+++ DATA FOR THE TASK +++

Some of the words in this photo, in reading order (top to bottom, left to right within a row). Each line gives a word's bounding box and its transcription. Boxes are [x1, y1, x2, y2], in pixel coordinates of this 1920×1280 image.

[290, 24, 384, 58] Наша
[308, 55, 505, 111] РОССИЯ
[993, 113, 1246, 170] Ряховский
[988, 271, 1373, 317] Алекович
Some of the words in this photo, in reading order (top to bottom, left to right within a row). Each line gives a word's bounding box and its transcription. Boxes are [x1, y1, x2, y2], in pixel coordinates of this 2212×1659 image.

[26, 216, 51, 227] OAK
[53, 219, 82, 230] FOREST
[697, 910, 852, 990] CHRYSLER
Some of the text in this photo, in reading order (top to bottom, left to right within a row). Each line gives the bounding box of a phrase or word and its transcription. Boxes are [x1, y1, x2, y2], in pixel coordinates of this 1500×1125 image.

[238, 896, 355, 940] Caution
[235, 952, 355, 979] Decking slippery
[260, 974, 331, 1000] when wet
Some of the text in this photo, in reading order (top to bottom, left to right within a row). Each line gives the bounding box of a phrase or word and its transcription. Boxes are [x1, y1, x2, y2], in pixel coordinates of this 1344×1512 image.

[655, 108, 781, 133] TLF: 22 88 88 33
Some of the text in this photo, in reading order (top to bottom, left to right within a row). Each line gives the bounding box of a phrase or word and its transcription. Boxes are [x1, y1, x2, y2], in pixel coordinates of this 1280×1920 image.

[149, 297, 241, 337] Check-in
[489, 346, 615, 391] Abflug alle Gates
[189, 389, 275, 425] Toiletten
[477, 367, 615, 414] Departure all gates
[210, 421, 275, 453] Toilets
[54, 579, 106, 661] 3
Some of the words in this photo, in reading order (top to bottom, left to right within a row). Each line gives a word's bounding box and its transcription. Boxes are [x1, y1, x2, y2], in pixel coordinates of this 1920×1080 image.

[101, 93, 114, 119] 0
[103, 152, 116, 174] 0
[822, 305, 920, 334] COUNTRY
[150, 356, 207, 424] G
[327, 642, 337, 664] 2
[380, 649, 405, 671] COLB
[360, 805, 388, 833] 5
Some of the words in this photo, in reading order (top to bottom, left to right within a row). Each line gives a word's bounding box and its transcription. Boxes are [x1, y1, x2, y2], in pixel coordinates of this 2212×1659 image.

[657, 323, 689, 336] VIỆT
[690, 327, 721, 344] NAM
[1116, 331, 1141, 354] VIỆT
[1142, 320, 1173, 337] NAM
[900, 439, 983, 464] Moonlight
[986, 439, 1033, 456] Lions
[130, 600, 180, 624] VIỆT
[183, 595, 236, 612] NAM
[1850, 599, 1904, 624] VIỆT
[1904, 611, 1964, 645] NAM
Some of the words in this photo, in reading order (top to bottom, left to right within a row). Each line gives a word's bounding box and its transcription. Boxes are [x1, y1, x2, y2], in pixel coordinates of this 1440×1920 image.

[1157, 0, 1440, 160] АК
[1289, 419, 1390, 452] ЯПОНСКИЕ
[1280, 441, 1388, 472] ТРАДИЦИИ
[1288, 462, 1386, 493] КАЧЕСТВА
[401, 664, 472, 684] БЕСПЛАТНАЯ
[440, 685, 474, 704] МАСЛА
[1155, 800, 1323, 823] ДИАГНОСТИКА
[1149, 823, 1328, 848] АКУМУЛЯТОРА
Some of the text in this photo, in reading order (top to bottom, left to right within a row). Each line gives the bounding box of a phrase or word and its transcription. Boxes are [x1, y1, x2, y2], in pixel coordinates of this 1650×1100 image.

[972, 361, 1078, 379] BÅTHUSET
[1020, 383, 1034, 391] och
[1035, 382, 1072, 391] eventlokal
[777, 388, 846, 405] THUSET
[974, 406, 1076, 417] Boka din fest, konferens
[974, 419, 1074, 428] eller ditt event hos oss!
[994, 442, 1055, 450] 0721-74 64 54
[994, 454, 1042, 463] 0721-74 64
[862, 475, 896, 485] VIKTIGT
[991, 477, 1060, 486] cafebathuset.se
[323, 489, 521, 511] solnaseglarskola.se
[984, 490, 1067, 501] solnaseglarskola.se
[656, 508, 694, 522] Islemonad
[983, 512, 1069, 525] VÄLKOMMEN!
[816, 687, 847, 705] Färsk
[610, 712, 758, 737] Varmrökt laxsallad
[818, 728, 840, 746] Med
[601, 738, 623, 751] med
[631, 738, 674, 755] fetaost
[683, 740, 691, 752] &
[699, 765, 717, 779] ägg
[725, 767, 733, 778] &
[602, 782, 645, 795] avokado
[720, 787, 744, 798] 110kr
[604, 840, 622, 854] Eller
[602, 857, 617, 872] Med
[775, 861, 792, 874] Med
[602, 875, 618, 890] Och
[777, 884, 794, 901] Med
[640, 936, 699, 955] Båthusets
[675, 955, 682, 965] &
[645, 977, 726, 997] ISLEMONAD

+++

INSTRUCTIONS FOR THE TASK: Write out the full listing without altering anything.

THE COMPLETED TASK:
Some of the words in this photo, in reading order (top to bottom, left to right within a row). Each line gives a word's bounding box and its transcription. Boxes are [x1, y1, x2, y2], in pixel coordinates of this 1920×1280 image.

[290, 24, 384, 58] Наша
[308, 55, 505, 111] РОССИЯ
[993, 113, 1246, 170] Ряховский
[988, 271, 1373, 317] Алекович
Some of the words in this photo, in reading order (top to bottom, left to right within a row). Each line gives a word's bounding box and its transcription. Boxes are [x1, y1, x2, y2], in pixel coordinates of this 2212×1659 image.

[26, 216, 51, 227] OAK
[53, 219, 82, 230] FOREST
[697, 910, 852, 990] CHRYSLER
Some of the text in this photo, in reading order (top to bottom, left to right within a row). Each line gives the bounding box of a phrase or word and its transcription. Boxes are [x1, y1, x2, y2], in pixel coordinates of this 1500×1125 image.

[238, 896, 355, 940] Caution
[235, 952, 355, 979] Decking slippery
[260, 974, 331, 1000] when wet
Some of the text in this photo, in reading order (top to bottom, left to right within a row). Each line gives the bounding box of a phrase or word and its transcription. Boxes are [x1, y1, x2, y2], in pixel coordinates of this 1344×1512 image.

[655, 108, 781, 133] TLF: 22 88 88 33
Some of the text in this photo, in reading order (top to bottom, left to right within a row). Each line gives the bounding box of a phrase or word and its transcription. Boxes are [x1, y1, x2, y2], in pixel coordinates of this 1280×1920 image.

[149, 297, 241, 337] Check-in
[489, 346, 615, 391] Abflug alle Gates
[189, 389, 275, 425] Toiletten
[477, 367, 615, 414] Departure all gates
[210, 421, 275, 453] Toilets
[54, 579, 106, 661] 3
Some of the words in this photo, in reading order (top to bottom, left to right within a row). Each line gives a word's bounding box and its transcription. Boxes are [x1, y1, x2, y2], in pixel coordinates of this 1920×1080 image.

[101, 93, 114, 119] 0
[103, 152, 116, 174] 0
[822, 305, 920, 334] COUNTRY
[150, 356, 207, 424] G
[327, 642, 337, 664] 2
[380, 649, 405, 671] COLB
[360, 805, 388, 833] 5
Some of the words in this photo, in reading order (top to bottom, left to right within a row). Each line gives a word's bounding box and its transcription. Boxes are [x1, y1, x2, y2], in pixel coordinates of this 2212×1659 image.

[657, 323, 689, 336] VIỆT
[690, 327, 721, 344] NAM
[1116, 331, 1141, 354] VIỆT
[1142, 320, 1173, 337] NAM
[900, 439, 983, 464] Moonlight
[986, 439, 1033, 456] Lions
[130, 600, 180, 624] VIỆT
[183, 595, 236, 612] NAM
[1850, 599, 1904, 624] VIỆT
[1904, 611, 1964, 645] NAM
Some of the words in this photo, in reading order (top to bottom, left to right within a row). Each line gives a word's bounding box and its transcription. Boxes are [x1, y1, x2, y2], in pixel coordinates of this 1440×1920 image.

[1157, 0, 1440, 160] АК
[1289, 419, 1390, 452] ЯПОНСКИЕ
[1280, 441, 1388, 472] ТРАДИЦИИ
[1288, 462, 1386, 493] КАЧЕСТВА
[401, 664, 472, 684] БЕСПЛАТНАЯ
[440, 685, 474, 704] МАСЛА
[1155, 800, 1323, 823] ДИАГНОСТИКА
[1149, 823, 1328, 848] АКУМУЛЯТОРА
Some of the text in this photo, in reading order (top to bottom, left to right within a row). Each line gives the bounding box of a phrase or word and its transcription. Boxes are [x1, y1, x2, y2], in pixel coordinates of this 1650×1100 image.

[972, 361, 1078, 379] BÅTHUSET
[1020, 383, 1034, 391] och
[1035, 382, 1072, 391] eventlokal
[777, 388, 846, 405] THUSET
[974, 406, 1076, 417] Boka din fest, konferens
[974, 419, 1074, 428] eller ditt event hos oss!
[994, 442, 1055, 450] 0721-74 64 54
[994, 454, 1042, 463] 0721-74 64
[862, 475, 896, 485] VIKTIGT
[991, 477, 1060, 486] cafebathuset.se
[323, 489, 521, 511] solnaseglarskola.se
[984, 490, 1067, 501] solnaseglarskola.se
[656, 508, 694, 522] Islemonad
[983, 512, 1069, 525] VÄLKOMMEN!
[816, 687, 847, 705] Färsk
[610, 712, 758, 737] Varmrökt laxsallad
[818, 728, 840, 746] Med
[601, 738, 623, 751] med
[631, 738, 674, 755] fetaost
[683, 740, 691, 752] &
[699, 765, 717, 779] ägg
[725, 767, 733, 778] &
[602, 782, 645, 795] avokado
[720, 787, 744, 798] 110kr
[604, 840, 622, 854] Eller
[602, 857, 617, 872] Med
[775, 861, 792, 874] Med
[602, 875, 618, 890] Och
[777, 884, 794, 901] Med
[640, 936, 699, 955] Båthusets
[675, 955, 682, 965] &
[645, 977, 726, 997] ISLEMONAD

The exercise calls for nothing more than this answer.